When the sun goes down the Windrift Resort Hotel is party central at 80th Street. Renovated in recent years, it boasts five distinctive bars/lounges with four live music spots. The best addition is the spectacular ocean view bar and restaurant on the second level where we joined a raucous crowd viewing the U. S.’s stirring victory in their opening World Cup match. The Windrift books some of the region’s best bands. Wednesday nights you find “Dueling Pianos” at a downstairs bar. Tuesdays are famous for “Wing Night.” Try a Beergarita or few, anytime.

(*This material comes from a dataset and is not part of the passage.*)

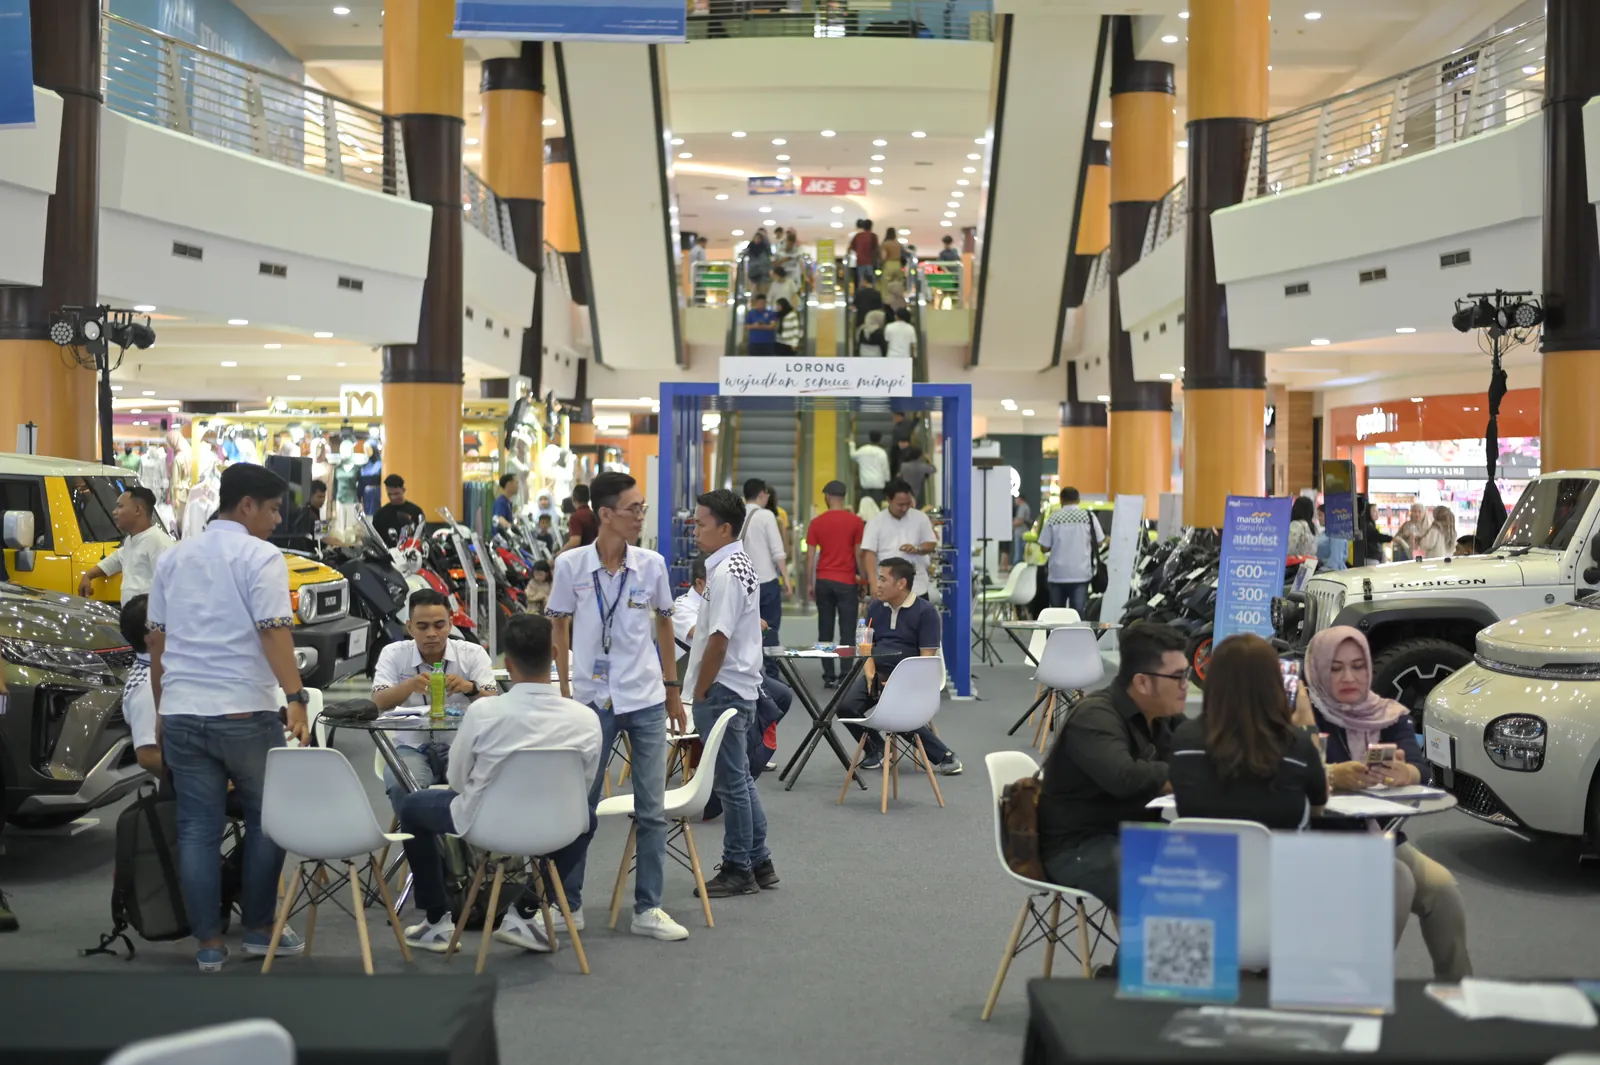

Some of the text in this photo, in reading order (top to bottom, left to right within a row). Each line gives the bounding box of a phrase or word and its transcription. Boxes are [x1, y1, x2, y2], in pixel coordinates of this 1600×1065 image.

One of Stone Harbor's Lifeguard Boats

One of Stone Harbor’s Lifeguard Boats

You can find wild life of a different variety at the Wetlands Institute. Birds skimming low in a setting sun to pluck dinner from a tidal creek? How about terrapins plodding through the salt marsh grasses? Situated on 6,000 acres of coastal wetlands, the Institute is a living laboratory where more than 40,000 visitors each year learn about life on this thin ribbon between land and sea.

Pay a visit to 21-acre Stone Harbor Bird Sanctuary. Internationally known by ornithologists, it hosts thousands of beautiful colonial water birds such as the black crown night heron, snowy egret, great white heron, little blues and the yellow crowned night egret and glossy ibis– often visible from the observatory. Guides tell visitors all about the delicate ecosystems of the sensitive shore areas and marshes.

Stone Harbor has always been an unassuming, quiet community first, and a beach resort second. For those looking for a laid-back holiday, you can’t do much better than the ocean breezes, plentiful wildlife, a bumper crop of splendid dining experiences, and a beguiling small town charm. Happy 100th, guys!